### Data shown
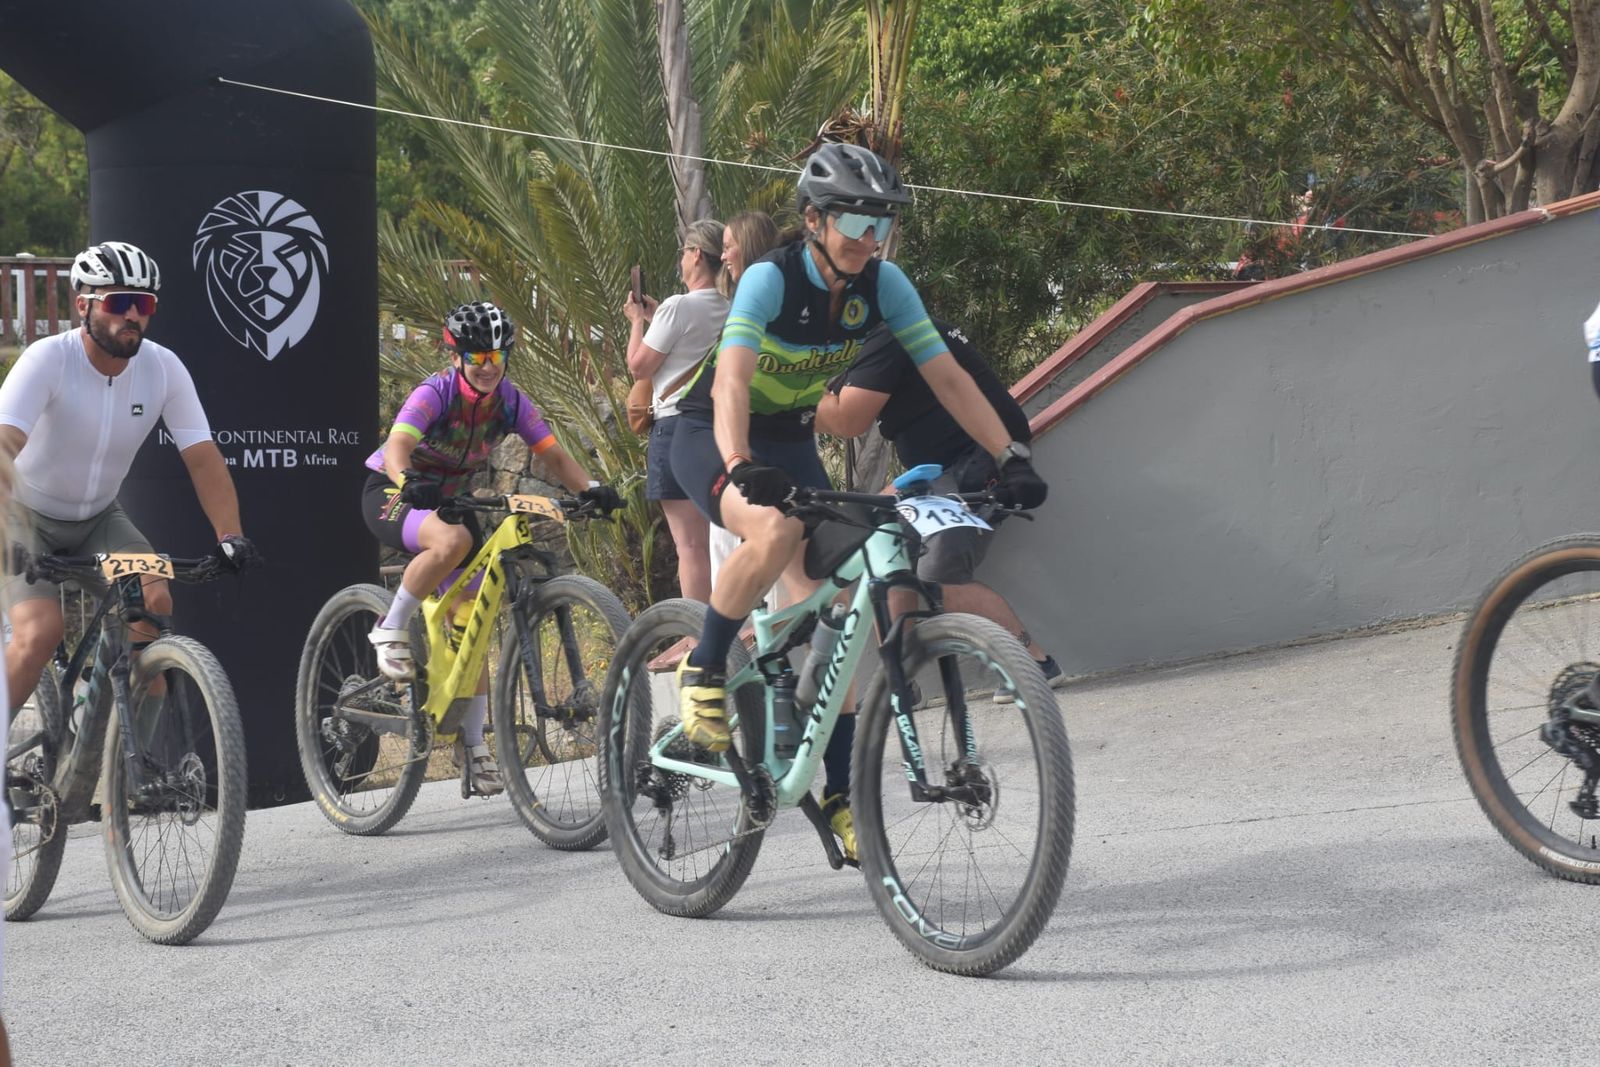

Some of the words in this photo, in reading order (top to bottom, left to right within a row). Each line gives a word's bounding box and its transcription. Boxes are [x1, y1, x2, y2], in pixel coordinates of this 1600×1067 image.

[158, 429, 324, 445] INONTINENTAL
[329, 428, 359, 445] RACE
[243, 449, 298, 468] MTB
[303, 454, 338, 466] Africa
[109, 559, 168, 575] 273-2
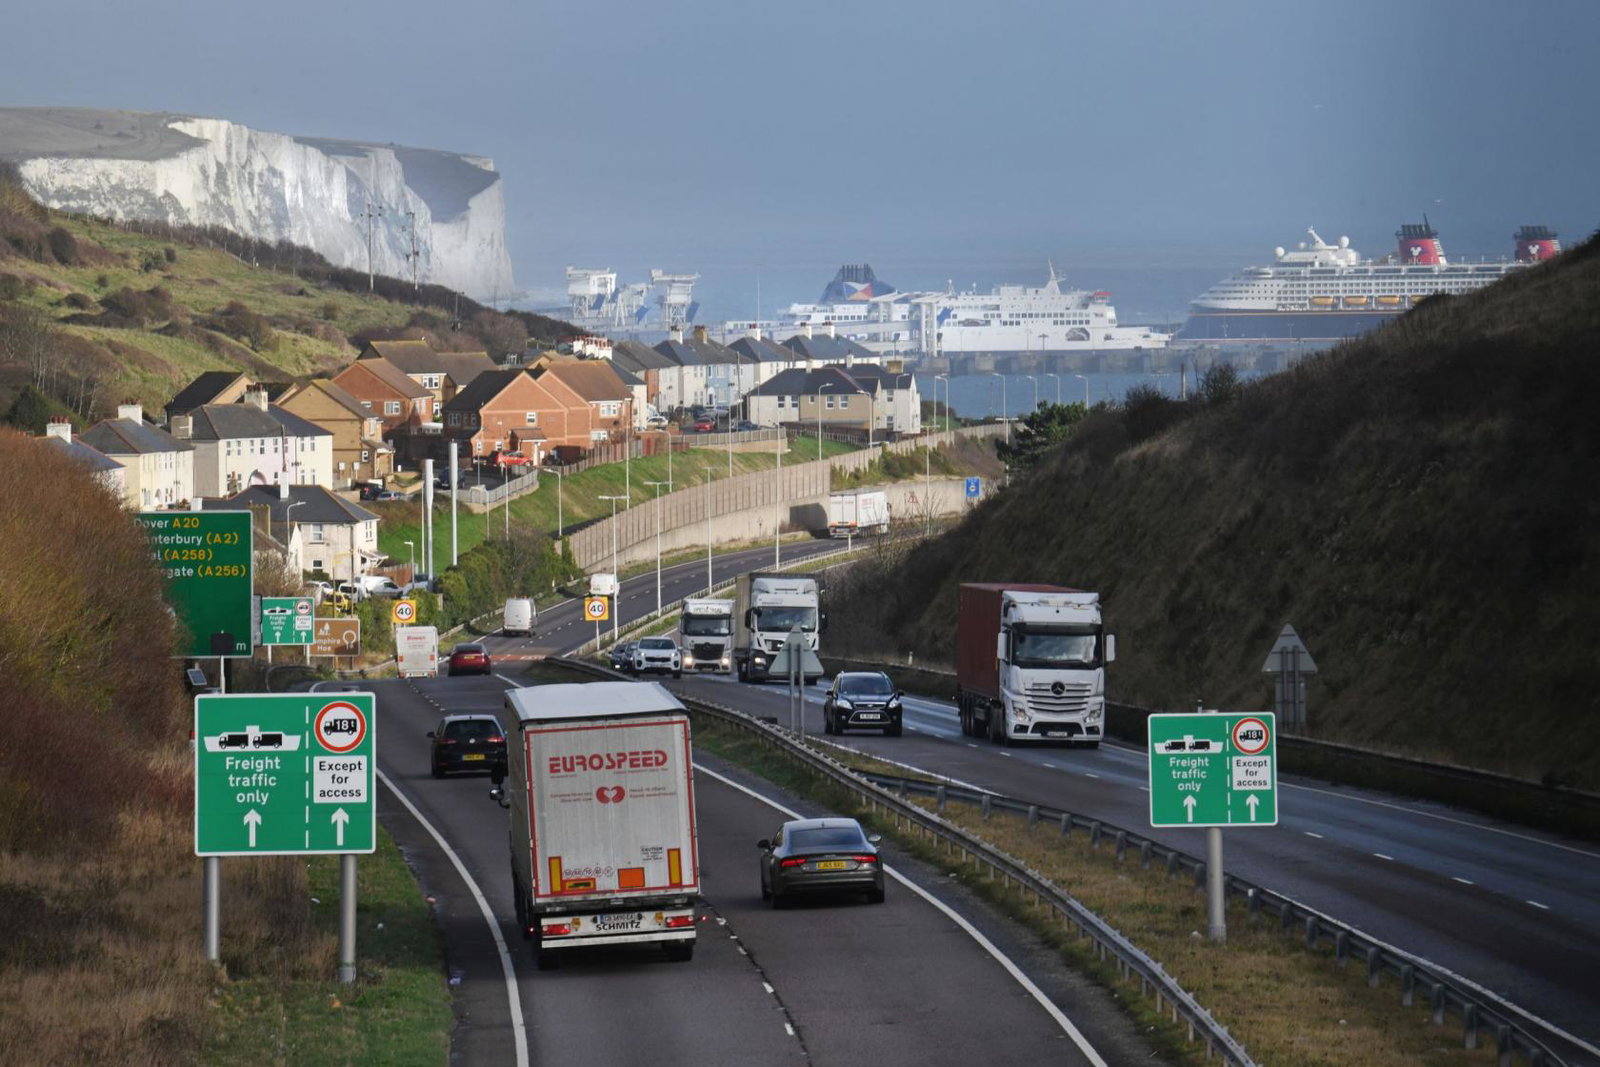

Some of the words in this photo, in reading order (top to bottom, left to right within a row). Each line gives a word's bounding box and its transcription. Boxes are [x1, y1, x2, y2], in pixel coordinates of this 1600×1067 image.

[172, 518, 200, 528] A20
[206, 532, 239, 545] (A2)
[164, 549, 213, 561] (A258)
[197, 565, 246, 577] (A256)
[397, 607, 412, 616] 40
[591, 605, 604, 613] 40
[225, 756, 281, 772] Freight
[319, 761, 362, 772] Except
[549, 750, 668, 774] EUROSPEED
[1169, 757, 1210, 768] Freight
[1236, 760, 1268, 768] Except
[331, 774, 349, 784] for
[1172, 769, 1207, 778] traffic
[228, 774, 277, 787] traffic
[1178, 781, 1202, 792] only
[236, 790, 269, 805] only
[319, 788, 362, 798] access
[596, 920, 640, 931] SCHMITZ
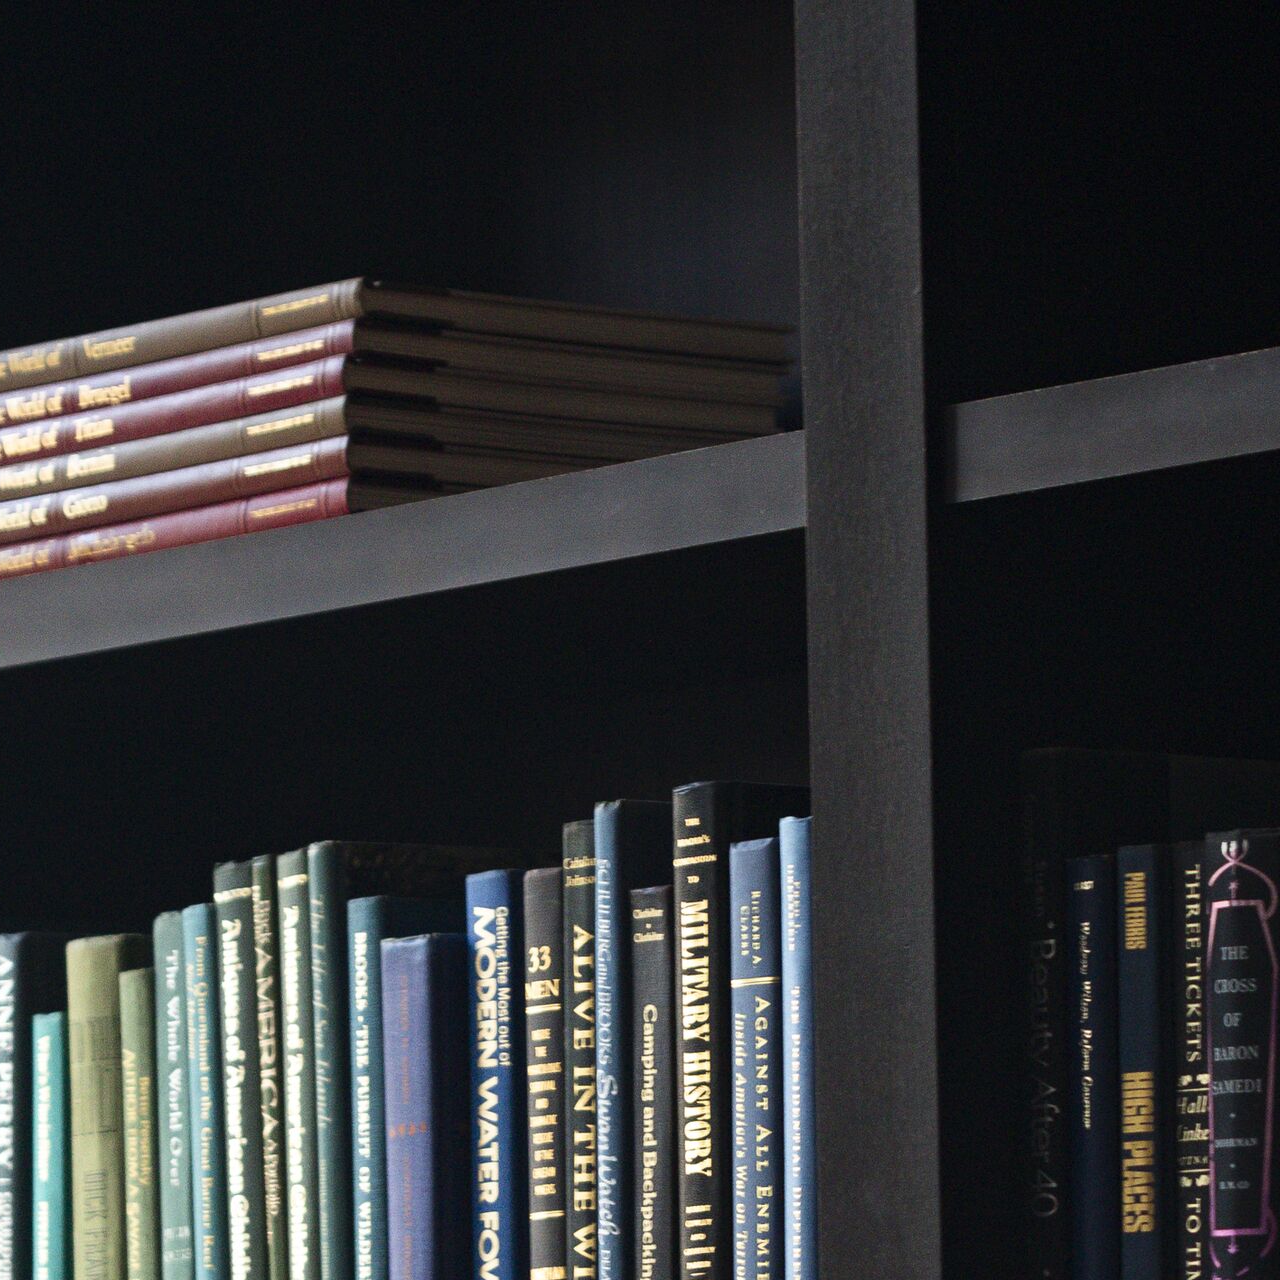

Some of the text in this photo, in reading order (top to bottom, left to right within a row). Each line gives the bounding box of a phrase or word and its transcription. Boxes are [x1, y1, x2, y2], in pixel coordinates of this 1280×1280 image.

### Work to complete
Write out every line above again exactly, with the pictures left out.

### Problem solution
Some of the words in this photo, in reading order (top to bottom, left to right within a row). Each line gives a word's bounding box and its transcription. Boxes are [x1, y1, x2, y2], in pixel coordinates of this 1600×1067 image.

[158, 429, 324, 445] INONTINENTAL
[329, 428, 359, 445] RACE
[243, 449, 298, 468] MTB
[303, 454, 338, 466] Africa
[109, 559, 168, 575] 273-2

Some of the words in this photo, in reading order (top to bottom, left to right within a row). Each line gives a word's bounding box and its transcription. Boxes are [x1, y1, x2, y2], in pixel coordinates of this 1600×1067 image.

[172, 518, 200, 528] A20
[206, 532, 239, 545] (A2)
[164, 549, 213, 561] (A258)
[197, 565, 246, 577] (A256)
[397, 607, 412, 616] 40
[591, 605, 604, 613] 40
[225, 756, 281, 772] Freight
[319, 761, 362, 772] Except
[549, 750, 668, 774] EUROSPEED
[1169, 757, 1210, 768] Freight
[1236, 760, 1268, 768] Except
[331, 774, 349, 784] for
[1172, 769, 1207, 778] traffic
[228, 774, 277, 787] traffic
[1178, 781, 1202, 792] only
[236, 790, 269, 805] only
[319, 788, 362, 798] access
[596, 920, 640, 931] SCHMITZ

Some of the text in this photo, in reading order (top to bottom, left to right within a row). Each line gives the bounding box of a phrase or word and its transcription. Boxes are [x1, y1, x2, y2], in pixel coordinates of this 1280×1280 image.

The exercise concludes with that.